Just consider this for a moment: According to the Reserve Bank, it’s likely “housing supply has for a number of years been running ahead of what would normally be thought of as trends in demand”.
It looks like the laws of supply and demand have been repealed, capitalism has been upended and there are indeed faeries at the bottom of the garden – it simply doesn’t make sense that prices have been skyrocketing across the board if supply has been running ahead of demand.
In a speech this week, the author of the above quote, the RBA’s Assistant Governor (economic) Luci Ellis went to great lengths to explain what has not been normal about demand trends of late, starting with the surge in people moving out of their parents’ homes and share houses in search of space as the pandemic hit.
It is an interesting speech for anyone interested in some of the more intriguing nuts and bolts of the housing market, but it finishes as an uncharacteristically hollow document from Dr Ellis.
Not once in 3500 words did she mention the stampeding herd of elephants in the room – the critical shortage of public housing.
The speech was titled ‘Housing in the Endemic Phase’. Whatever else happened to housing in that phase, it further exacerbated our public and social housing catastrophe.
While ignoring the market’s most obvious failure, Dr Ellis concluded with what sounded like a resounding vote of approval for and confidence in the market’s many ways of adjusting.
Well, she was addressing the Urban Development Institute of Australia – the developers’ peak lobby group. Developers’ core interest is in achieving bigger profits from maximising prices, not helping those who can’t pay market rates.
Yes, changed internal migration flows during the pandemic are interesting – multi-year delays for public housing in Victoria, for simply decent housing, should be a lot more than “interesting”.
On the same day Dr Ellis delivered her speech, a NSW study showed the nationwide scarcity of social housing has meant people waiting as long as 10 years in some areas for a home.
“A study by the UNSW City Futures Research Centre has revealed a 42 per cent drop in the number of households allocated social housing in the past three decades,” the SMH reported.
“Meanwhile, the number of applicants with the greatest need has soared by almost 50 per cent in the three years to 2021.”
The track record of state and federal governments is damning – half-heartedly semi-outsourcing public and social housing, barely maintaining existing numbers of homes while population and demand have soared and real, take-home wages have fallen.
It’s another area where a change of government can change the nation.
Opportunity is knocking for the new federal Labor government, supported by Greens and independents, to form a grand coalition with the states to seriously tackle the crisis for the first time, to agree to jointly add tens of thousands of public and social homes each year, not over several years.

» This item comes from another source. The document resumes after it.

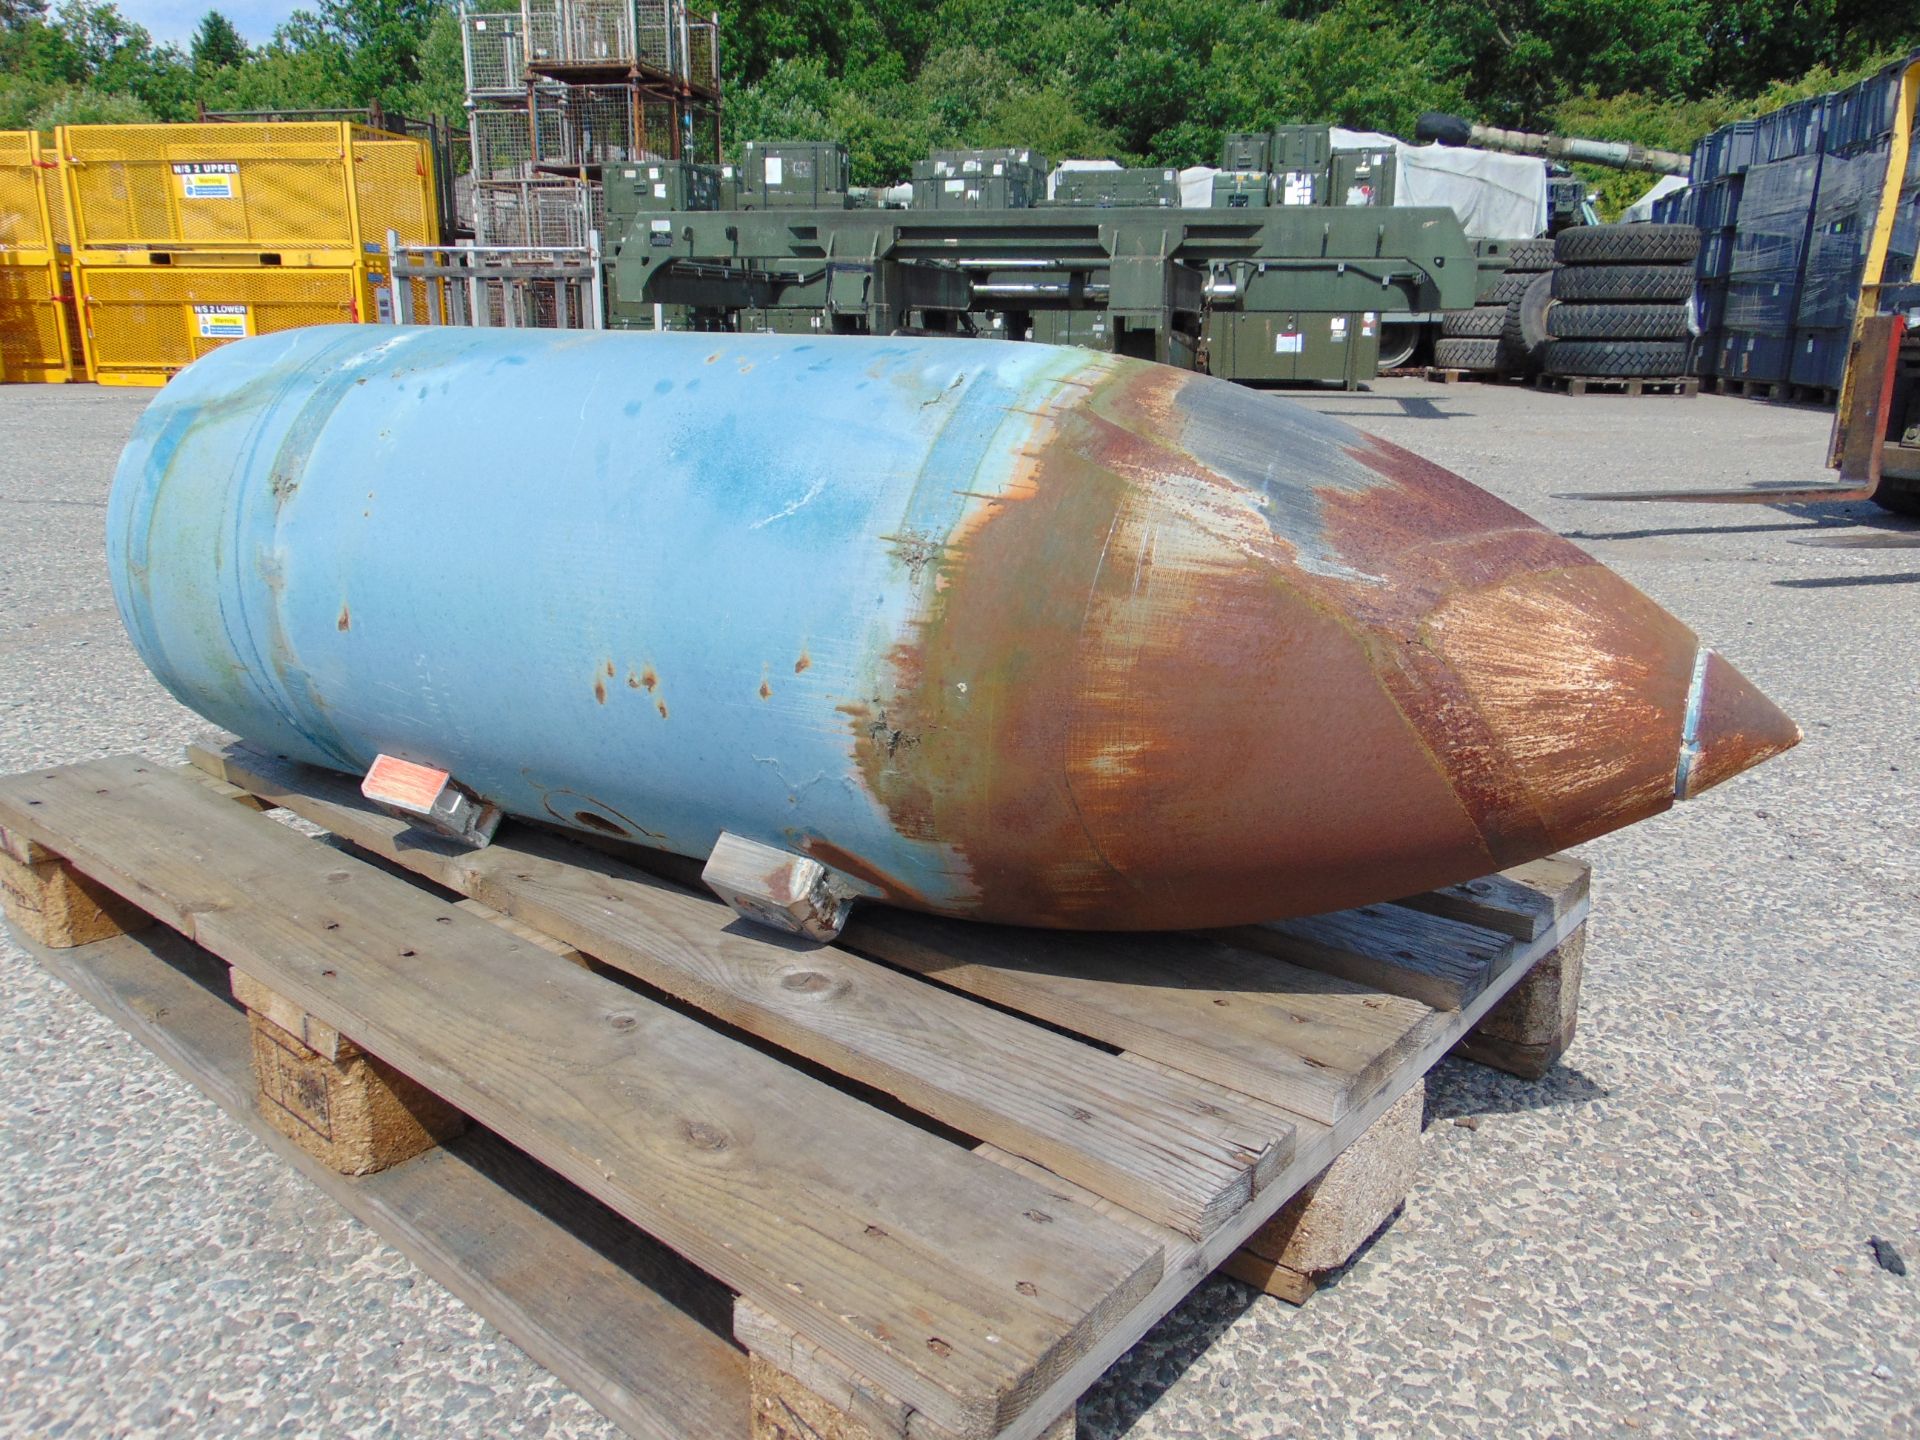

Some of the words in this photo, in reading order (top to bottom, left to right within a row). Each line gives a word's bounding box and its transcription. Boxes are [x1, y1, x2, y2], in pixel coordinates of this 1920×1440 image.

Within Dr Ellis’ speech, there were indications of some of the looming opportunity. Yes, the construction industry is running at capacity right now with supply chain and labour shortages, but that will ease as the present backlog is cleared.
As previously reported here but largely ignored elsewhere, Australia is hoping for a “soft landing” over the next couple of years. There is a strong chance we could have a mild recession instead.
It will take time to get a genuine national public housing taskforce operating. If we rush, governments might be ready to be building as the broader slowdown is felt.
It takes time to secure the land for many years in advance, beating the developers at their long-played game of land banking and perceiving where rezoning will occur.
It will take vision and commitment by like-minded governments along the east coast to agree on how this investment in the nation’s future can be made.
Tweet from @AustralianLabor
The housing policy Labor took to last weekend’s election was only a little better than the Liberals’. Now it is rapidly learning of the extent of the broader economic challenges we’re facing.
A new government makes it possible. A Prime Minister who proudly grew up in public housing could provide the leadership.
The need is there, so is the means – is there the will?